Prendere sberle fa parte dei giochi…
Sulla grande delusione (chiamiamola con il suo nome) dell’esclusione dell’Aquila dal novero delle città aspiranti al ruolo di capitale della cultura europea nel 2019 ne abbiamo sentite tante, lette di più, e altre ne sentiremo. A noi sono sembrate sagge e dignitosamente composte le stringate parole di Stefania Pezzopane: “Ci abbiamo provato, ce l’abbiamo messa tutta, non ci siamo riusciti“. Talvolta è meglio dire poche cose, ma realistiche, anziché tante, ma scomposte. Ai buoni politici si addice la compostezza dell’eloquio, più degli sproloqui enfatici ed evanescenti.

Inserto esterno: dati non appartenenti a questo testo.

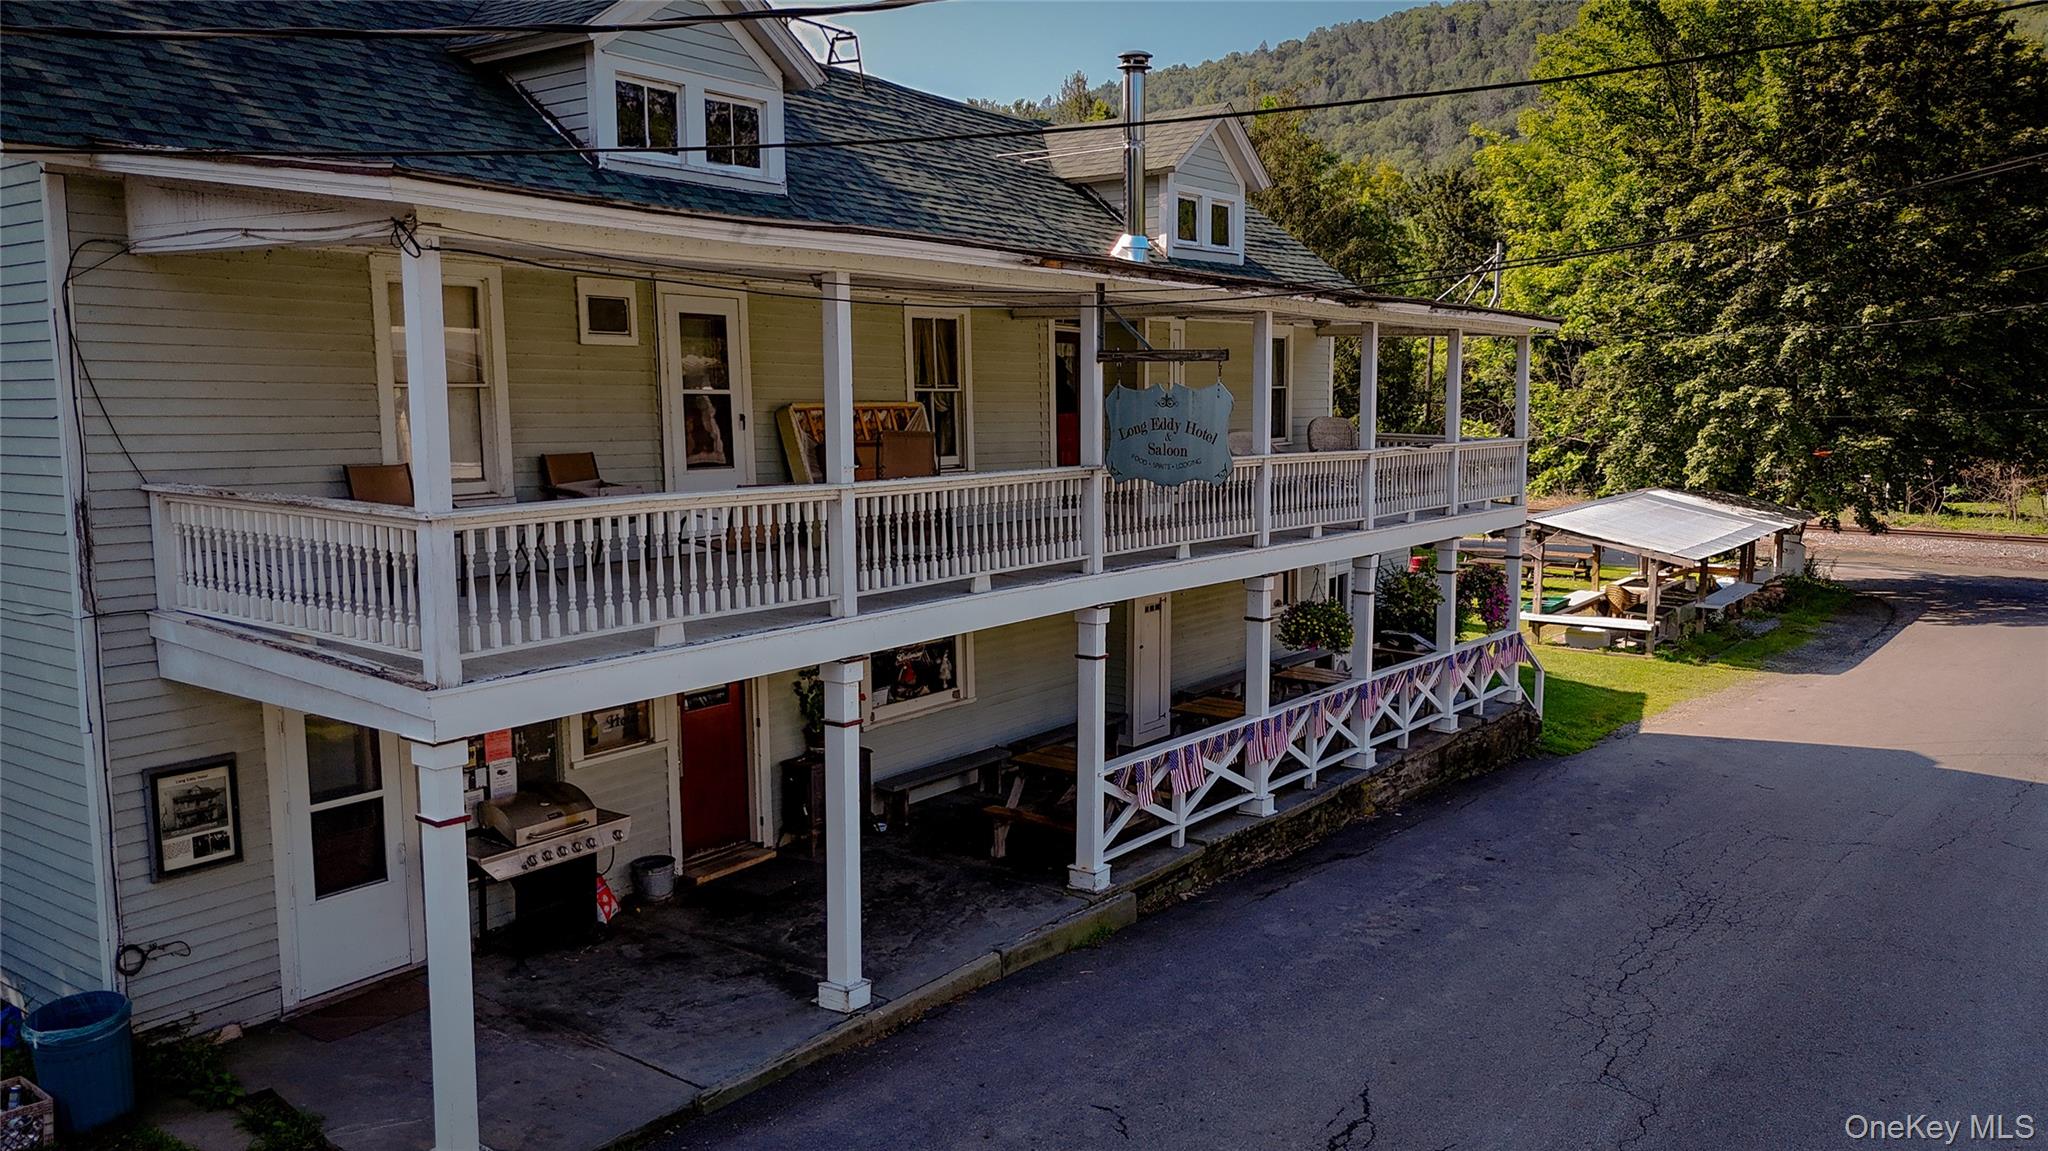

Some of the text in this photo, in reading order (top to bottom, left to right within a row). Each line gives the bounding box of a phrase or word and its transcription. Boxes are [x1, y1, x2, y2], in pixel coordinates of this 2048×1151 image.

[1118, 417, 1219, 445] Long Eddy Hotel
[1164, 433, 1172, 442] &
[1147, 442, 1188, 457] Saloon

Onestamente, L’Aquila capitale della cultura, e quindi un Abruzzo terra di cultura europea (anche se l’Abruzzo si è visto e sentito poco, come sempre), era forse un obiettivo sproporzionato alla realtà .
In Abruzzo per la cultura la Regione riserva due soldi bucati, perché ai grandi ragionieri bastano i numeri. Loro badano solo a quelli, specie quando si parla di soldi. Si lascia morire l’Accademia dell’Immagine. In Abruzzo (grazie a becere logiche politiche) per la cultura c’era un certo De Fanis, sub judice per una brutta storia, più disdicevole che grave. In Abruzzo chiudono cinema, i teatri vivacchiano, si legge pochissimo, si acquistano pochi giornali. Monumenti, ambiente e siti archeologici vanno in rovina. Si crede nei maghi e nelle fattucchiere. Si viaggia tra vicende giudiziarie davvero desolanti e perpetuate nel tempo. L’Aquila ci aveva provato, con tutte le sue smunte forze, credendoci anche come speranza di rinascita. E di ricostruzione.
Le teste d’uovo del Nord Europa sono state di diverso avviso, loro che credono magari al peggio che si dice in giro di noi. Se vogliamo consolarci, notiamo che pure Venezia è stata esclusa. Non si vive di sola capitale europea. Magari sarà più utile provare a vivere in qualche modo, visto che migliaia di abitanti del cratere non ci riescono. Niente si fa a pancia vuota: né cultura, né rivoluzioni, né altro. Si crepa, e noi ci siamo vicini.